* EXERCISE OBJECTIVE *
A verbatim repeat of the lines below is required, with the pictures removed.

* Stored data entries *
BEGIN

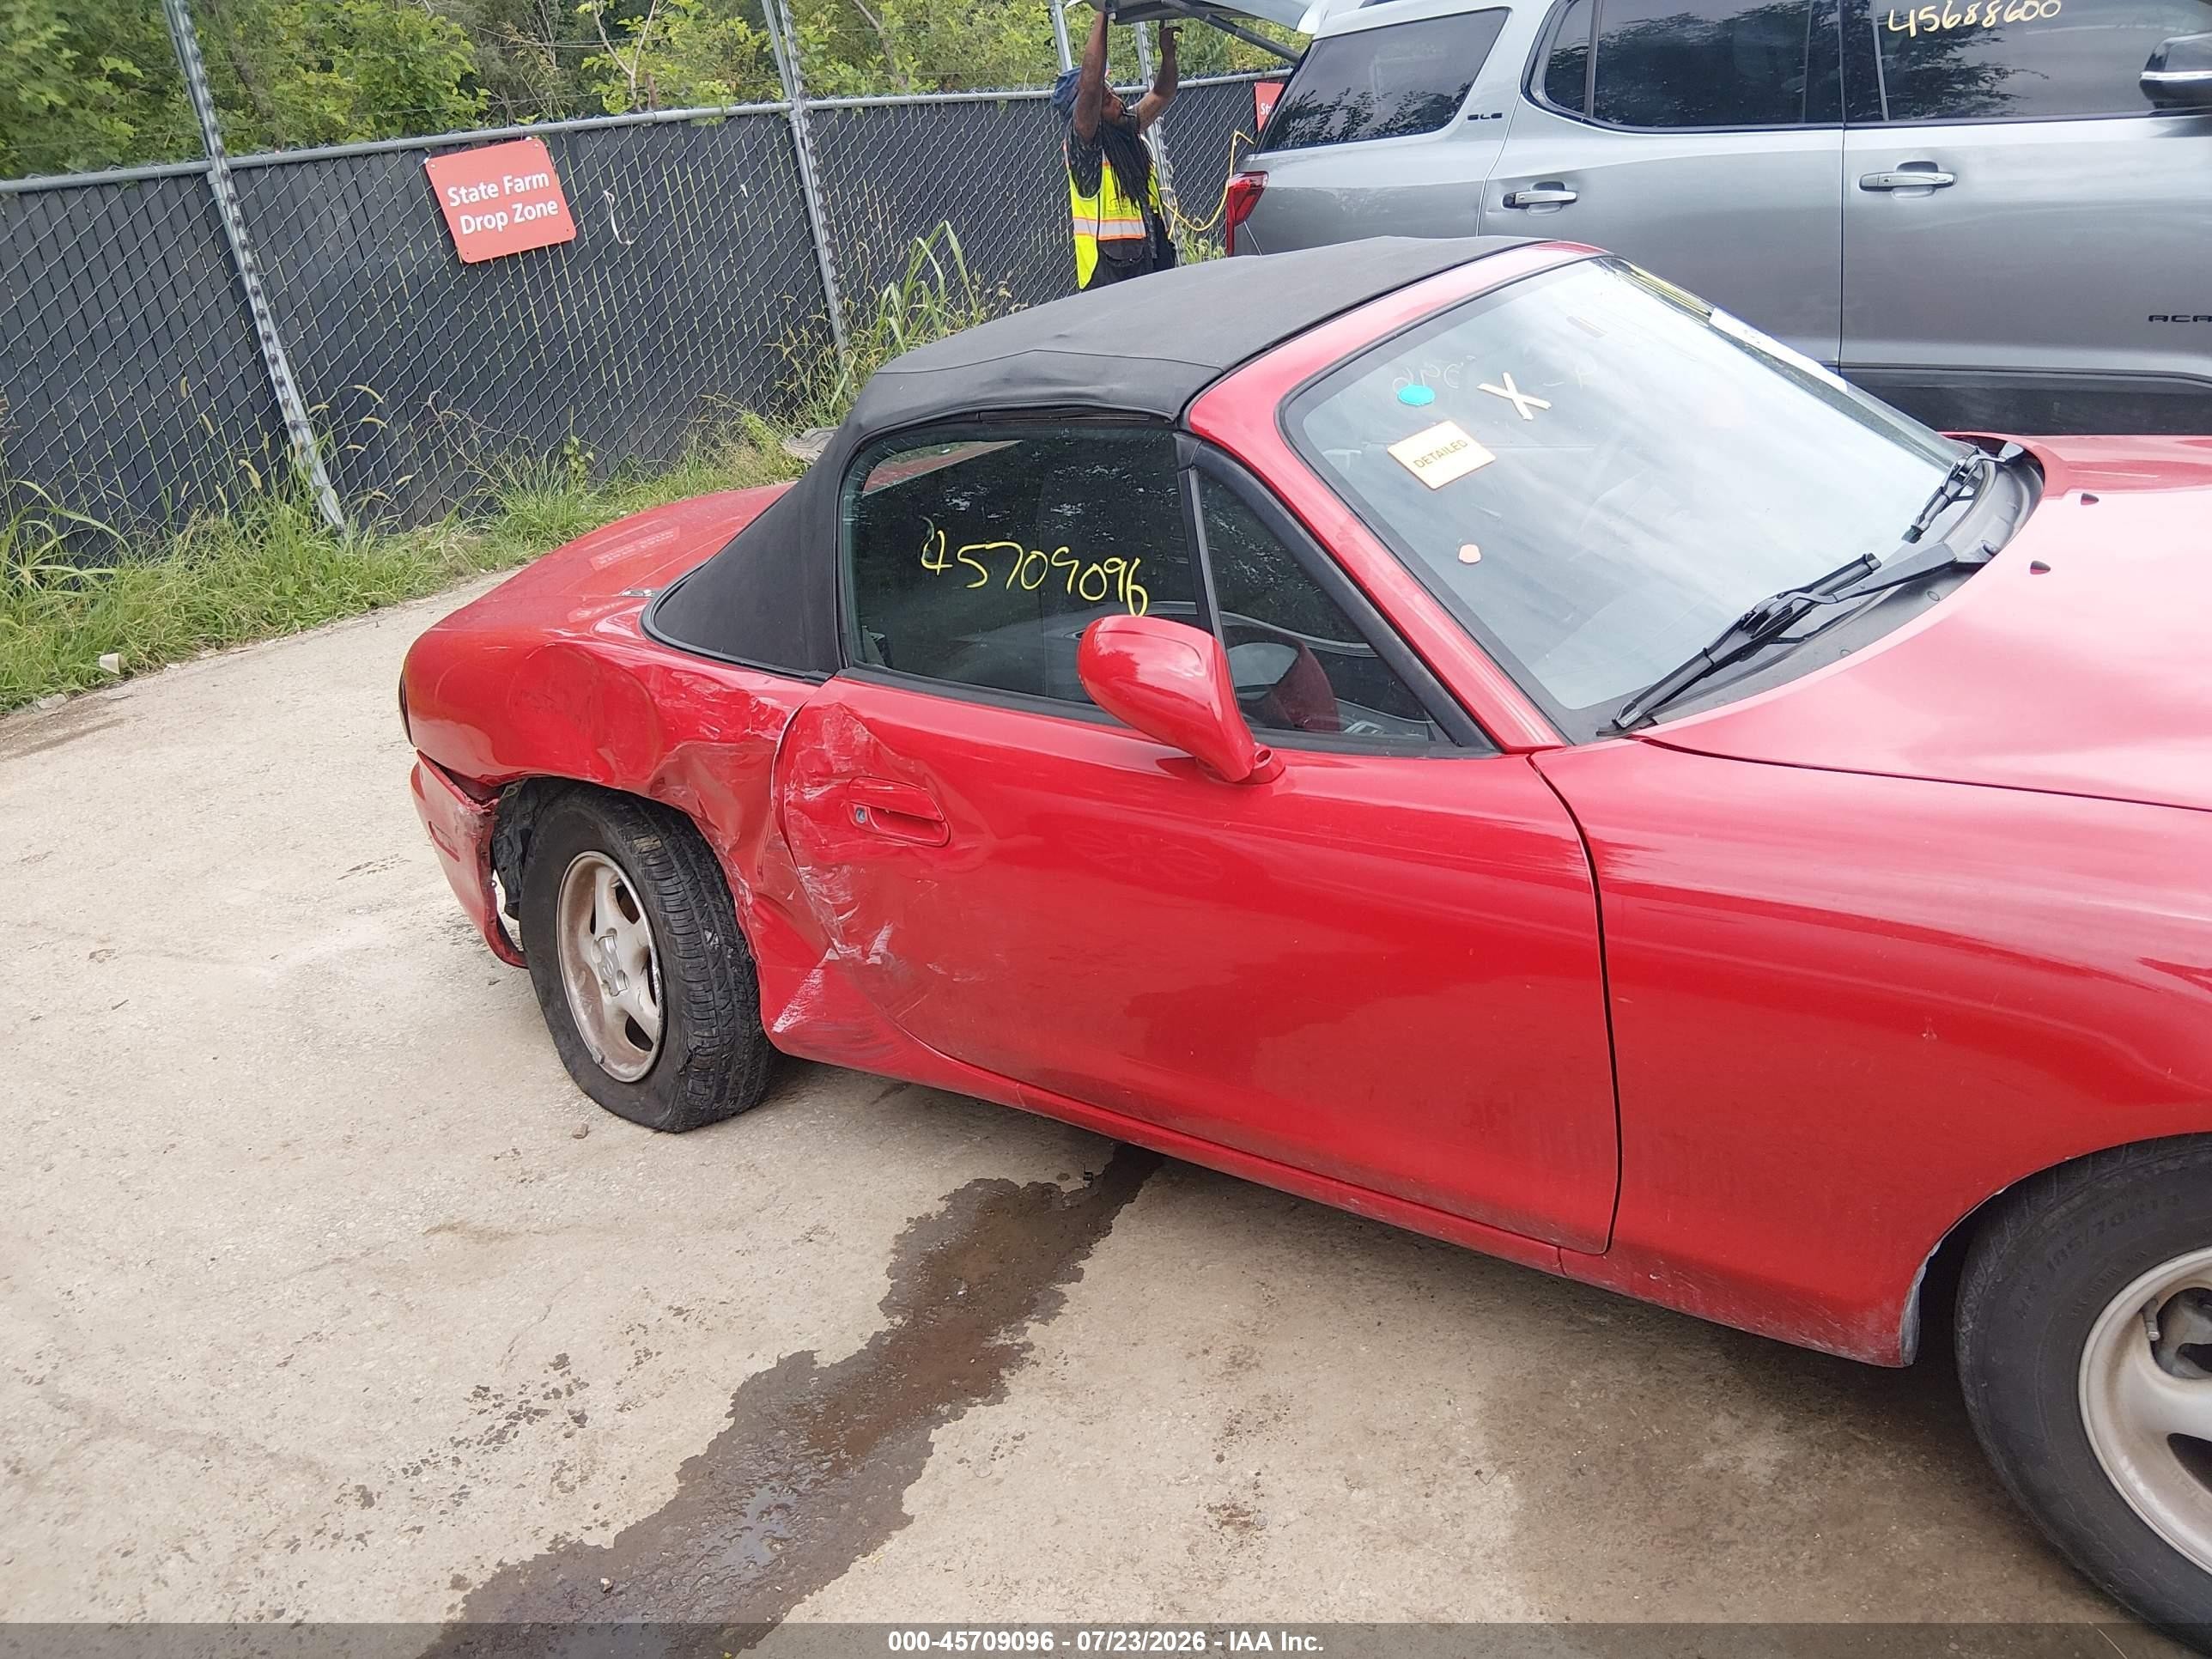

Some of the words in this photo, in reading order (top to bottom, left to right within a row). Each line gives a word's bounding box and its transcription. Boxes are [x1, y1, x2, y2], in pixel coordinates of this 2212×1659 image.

[1888, 0, 2062, 38] 45688600
[447, 181, 499, 207] State
[502, 172, 550, 196] Farm
[459, 210, 509, 234] Drop
[512, 199, 558, 224] Zone
[1413, 439, 1469, 469] DETAILED
[920, 516, 1149, 617] 45709096
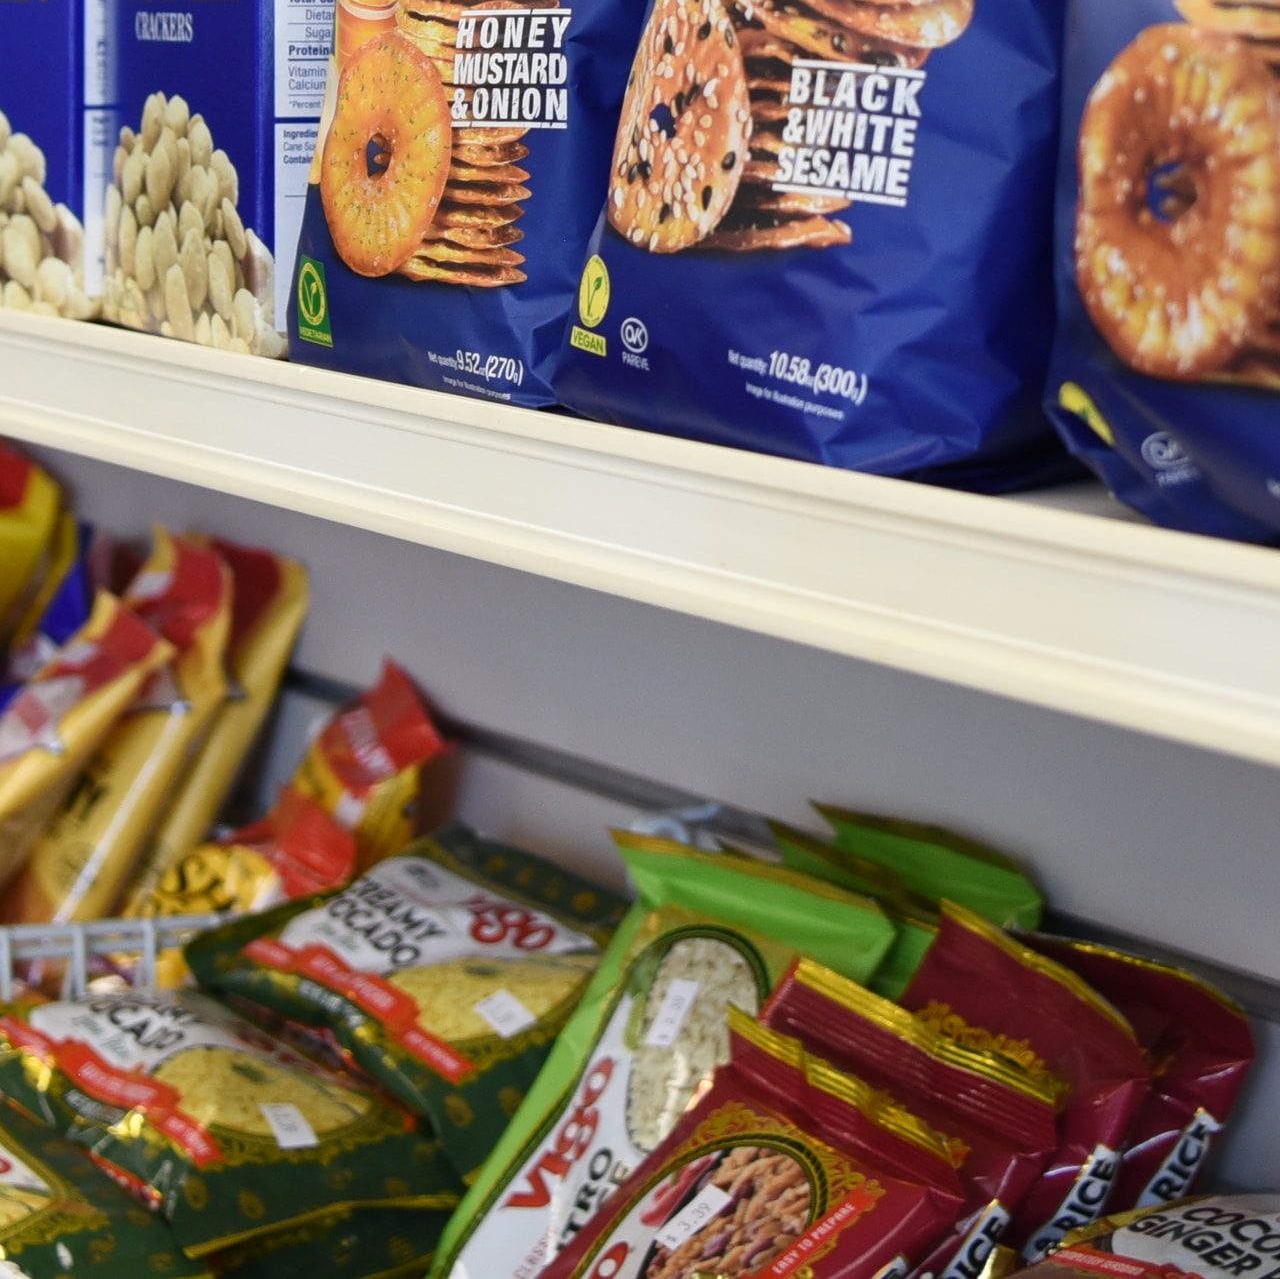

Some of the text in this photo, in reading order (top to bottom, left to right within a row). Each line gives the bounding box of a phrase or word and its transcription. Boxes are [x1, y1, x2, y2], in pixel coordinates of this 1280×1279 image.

END

* SOLUTION TO THE EXERCISE *
Some of the words in this photo, in reading order (top to bottom, left to right within a row). Each line gives a word's bounding box and its transcription. Boxes are [x1, y1, x2, y2], in pixel coordinates of this 2212×1659 image.

[1888, 0, 2062, 38] 45688600
[447, 181, 499, 207] State
[502, 172, 550, 196] Farm
[459, 210, 509, 234] Drop
[512, 199, 558, 224] Zone
[1413, 439, 1469, 469] DETAILED
[920, 516, 1149, 617] 45709096

Some of the text in this photo, in reading order (top to bottom, left to right within a row). Each line gives the bounding box of a phrase or word and its transcription. Boxes are [x1, y1, x2, y2], in pixel coordinates of this 1280×1279 image.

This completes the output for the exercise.